本实用新型的目的是提供一种细胞克隆分离装置，以解决传统提取克隆细胞的方式的不足。

为此，本实用新型提供了一种细胞克隆分离装置，其特征在于其主体中空且上、下均设有开口端，其侧壁为封闭状，下开口端为能与细胞培养皿密封贴合的平面，其主体高度略低于标准培养皿的深度。

在一些实施方式中，所述主体可为方形、圆柱形或椭圆形中之一，优选为圆柱形，其内径大小为0.5-5cm，最优选其内径要恰巧将一个细胞克隆圈进，且不与邻近克隆接触。

在一实施方式中，所述主体为圆柱形时，其上开口端的直径小于下开口端的直径，以有利于细胞克隆分离装置的稳固性。

在一实施方式中，所述主体为圆柱形时，其上开口端的直径大于下开口端的直径，以便于细胞克隆分离时操作者进行加液操作。

在一实施方式中，所述主体为圆柱形，其上开口端的直径大于下开口端的直径时，所述主体还具有至少3个支撑稳定结构等间距固定于侧壁外侧，其中所述支撑稳定结构可为方块形、圆球形或三角形。

在一些实施方式中，所述主体下开口端还可外包一层韧性材料层，所述韧性材料为可耐受无菌处理无细胞毒性的橡胶、塑料或树脂，以加强下开口端与细胞培养皿密封贴合，减少装置内腔的液体外露。

本实用新型所述装置结构简单、使用方便，细胞克隆的回收率高，并避免细胞克隆间的交叉混杂或污染。

附图说明

图1为一优选实施例中细胞克隆分离装置结构正面示意图。

图2为一优选实施例中细胞克隆分离装置结构侧面示意图。

具体实施方式

下面结合附图和实施例对本实用新型作进一步详述。

一种细胞克隆分离装置，其主体为圆柱形，中空且上、下均设有开口端1a、1c，其上开口端1a的直径大于下开口端1c的直径，其侧壁1b为封闭状，下开口端1c为能与细胞培养皿密封贴合的平面，3个三角形支撑稳定结构2等间距固定于侧壁1b外侧，所述主体下开口端1c外包一层橡胶层3，其主体高度略低于标准培养皿的深度。

本实施例中细胞克隆分离装置简称克隆杯。

“克隆杯”从原代羊水分离干细胞的过程：

1实验材料：克隆杯、医用凡士林、PBS平衡盐溶液，0.25％Trypsin-EDTA，0.2％明胶溶液(PBS平衡盐溶液配制)、玻璃培养皿、弯镊子、24孔培养板、200ul、1000ul Tip枪头等。
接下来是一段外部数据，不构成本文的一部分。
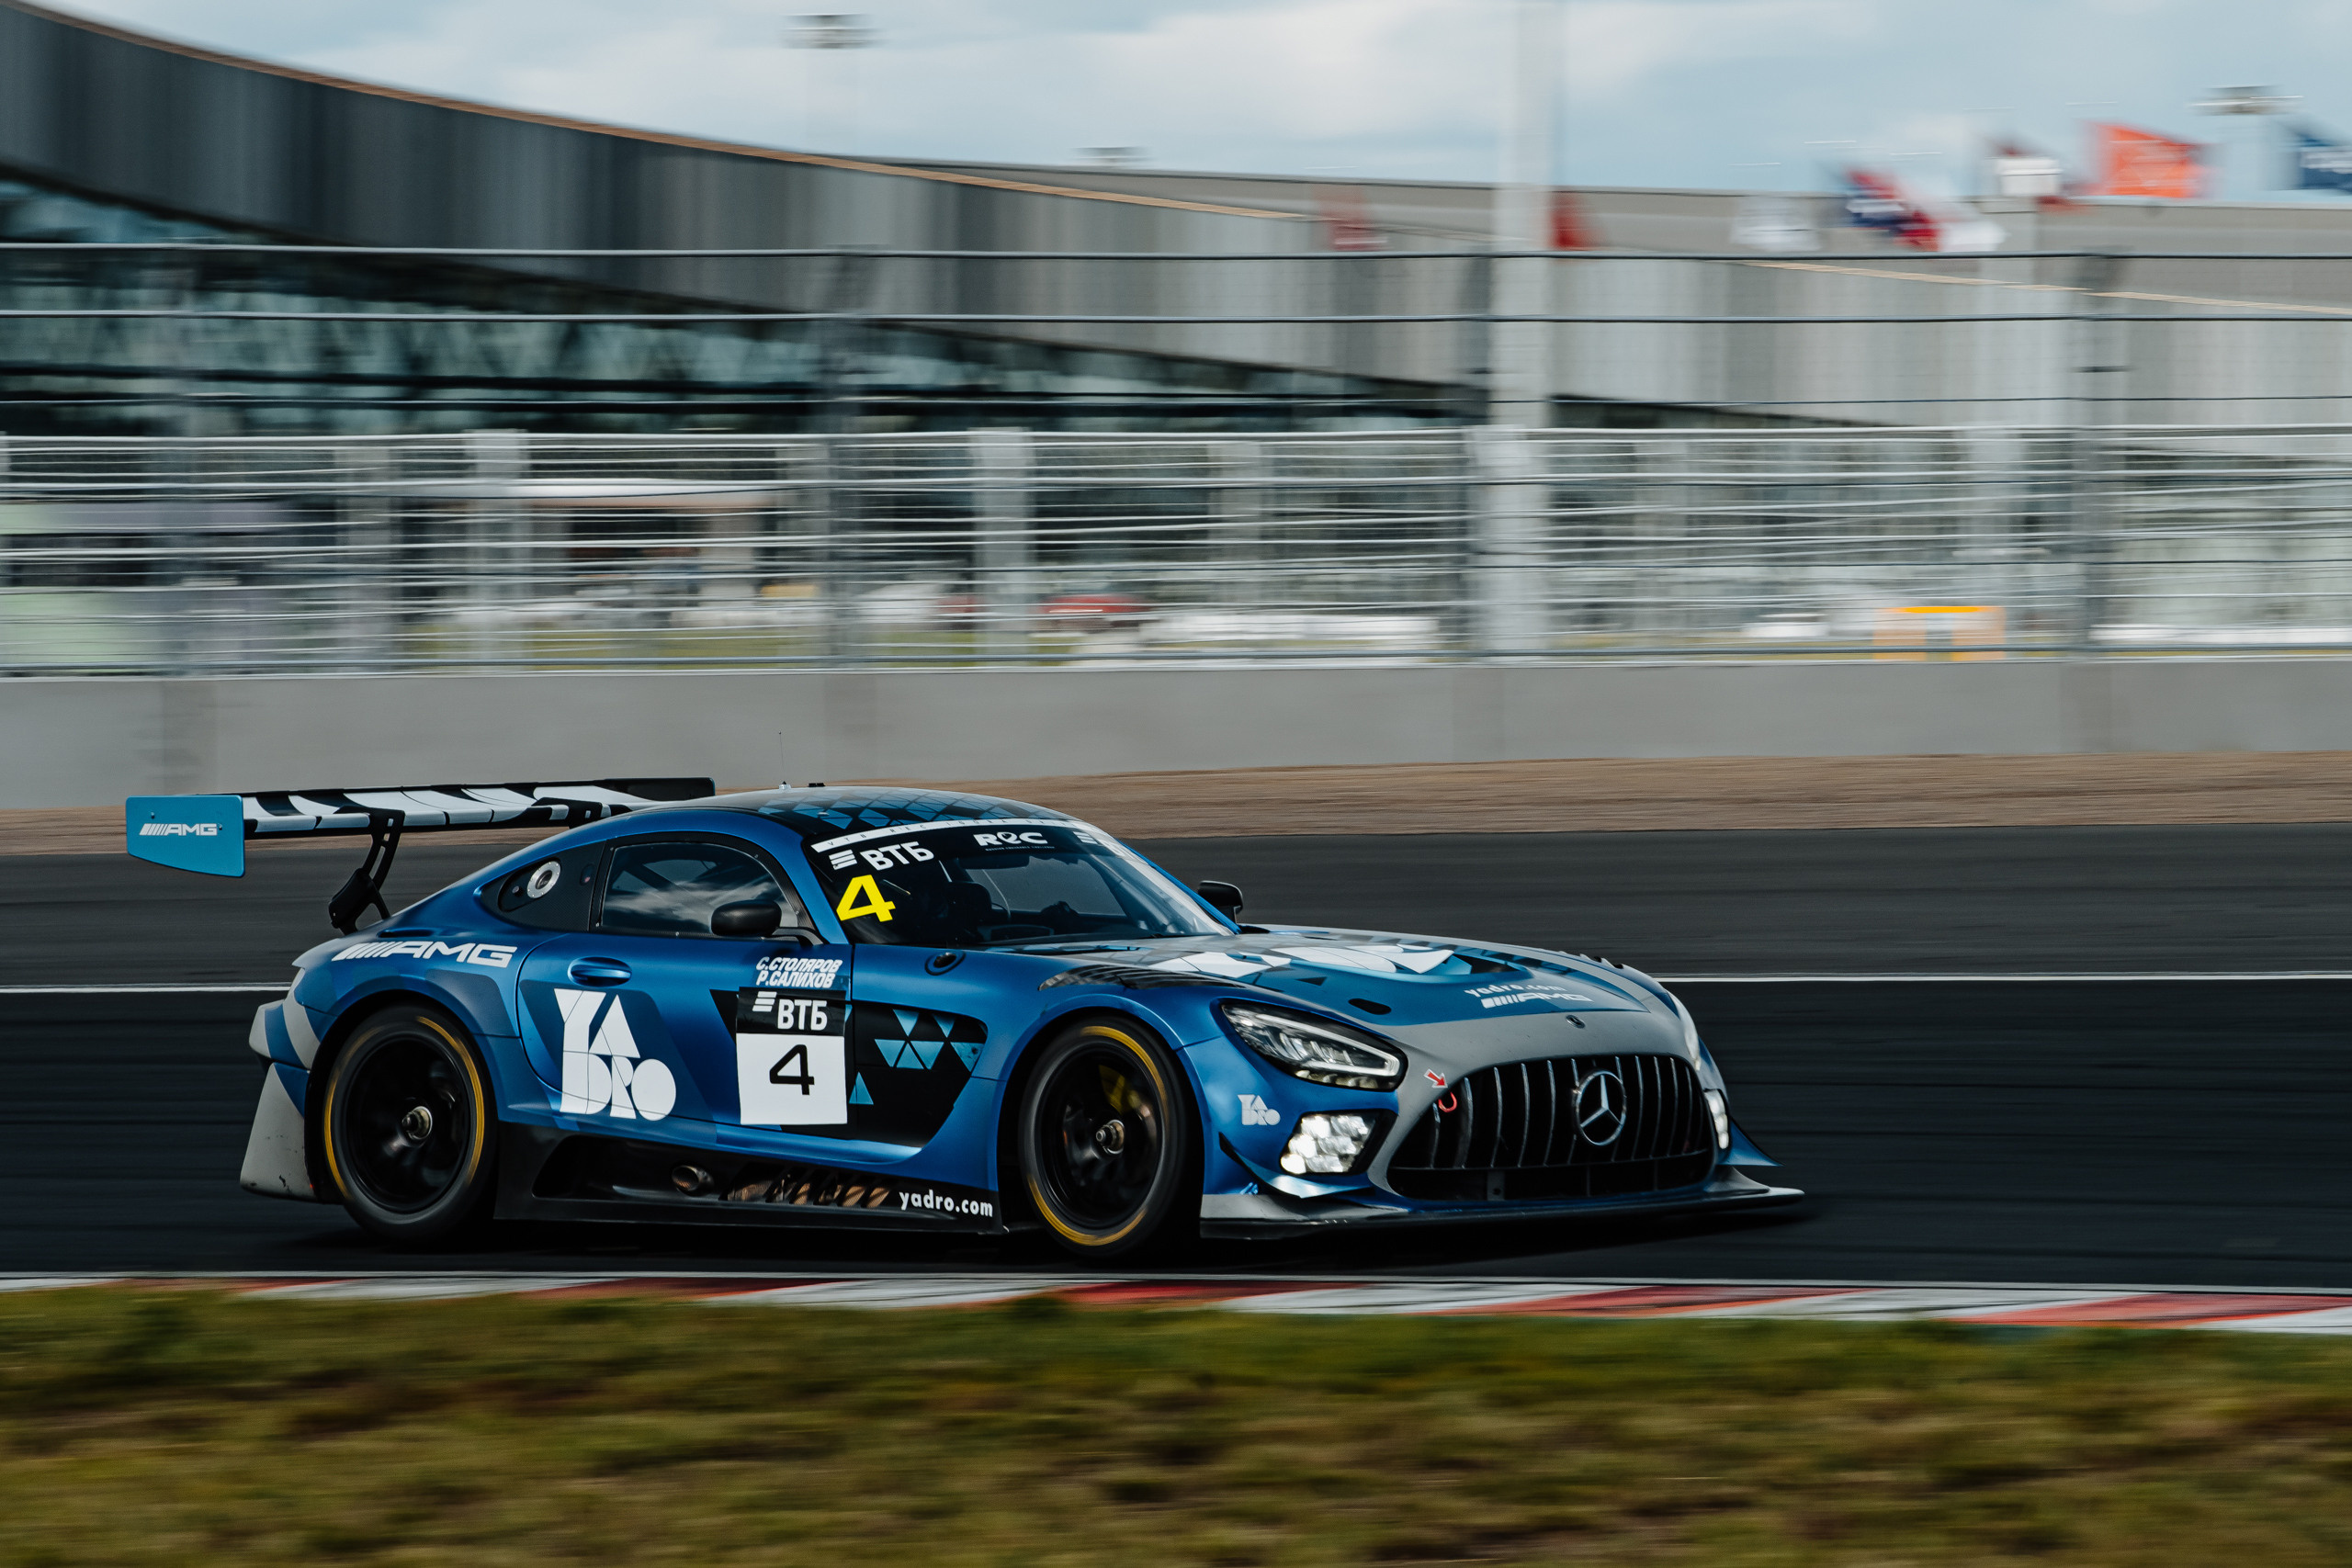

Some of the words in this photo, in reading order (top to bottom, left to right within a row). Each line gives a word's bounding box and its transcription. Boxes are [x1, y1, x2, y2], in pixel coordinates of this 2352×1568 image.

[165, 823, 218, 836] AMG
[860, 841, 934, 871] ВТБ
[836, 874, 897, 922] 4
[379, 941, 518, 968] AMG
[756, 956, 843, 973] С.СТОЛЯРОВ
[755, 970, 836, 988] Р.САЛИХОВ
[777, 998, 828, 1031] ВТБ
[769, 1044, 815, 1095] 4
[899, 1189, 993, 1217] yadro.com
以上均消毒灭菌，并将医用凡士林置于玻璃培养皿中备用。

2“克隆杯”分离法过程：

1)取已形成细胞克隆的60mm培养皿，倒置显微镜下观察，并用标记笔将性状良好的细胞克隆在培养皿底部对侧圈标记号。

2)将培养皿移入超净台，用1000ul Tip枪头吸去培养液，用3ml无菌PBS平衡盐溶液轻轻漂洗，尽量洗去残余培养液，弃平衡盐溶液。再向培养皿内加入2ml无菌PBS平衡盐溶液。

3)用无菌的弯镊子取一个克隆杯，将克隆杯底部轻轻压到医用凡士林上，使凡士林均匀涂至克隆杯的底部。然后将涂有凡士林的克隆杯准确放到标记好的克隆上，将细胞克隆隔离。
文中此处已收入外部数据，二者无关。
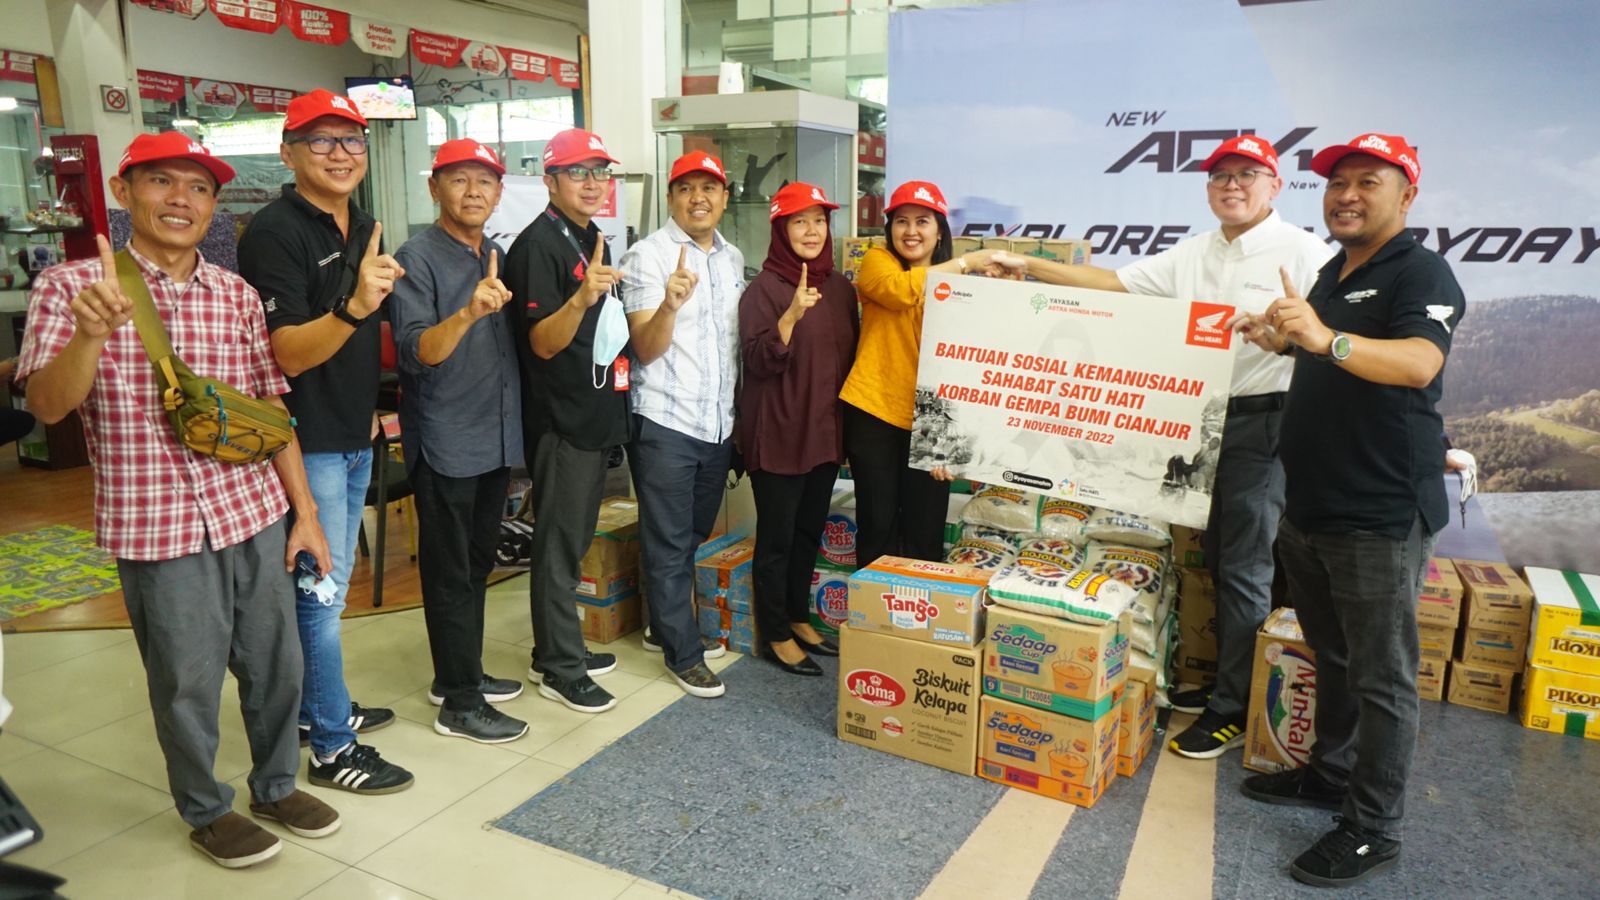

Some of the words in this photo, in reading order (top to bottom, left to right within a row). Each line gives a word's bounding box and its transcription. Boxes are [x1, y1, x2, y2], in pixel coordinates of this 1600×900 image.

4)用200ul Tip枪头吸去克隆杯内的PBS平衡盐溶液，加入预热至37℃的0.25％Trypsin-EDTA 30-50ul，缓慢移至倒置相差显微镜下观察，见细胞突起缩回，细胞间隙增加，细胞近乎缩成圆形，部分悬浮时加入适量培养液(以不溢出克隆杯为准)终止消化。用200ul Tip枪头在克隆杯内轻轻吹打皿底，尽量使细胞完全脱离皿底。将细胞悬液移入预先0.2％明胶溶液包被的24孔板的一个孔内。再用新鲜培养液洗杯内剩余细胞，合并放入同一孔内。

5)重复3)、4)步骤挑选其余克隆。上述整个操作过程务必保证克隆杯固定。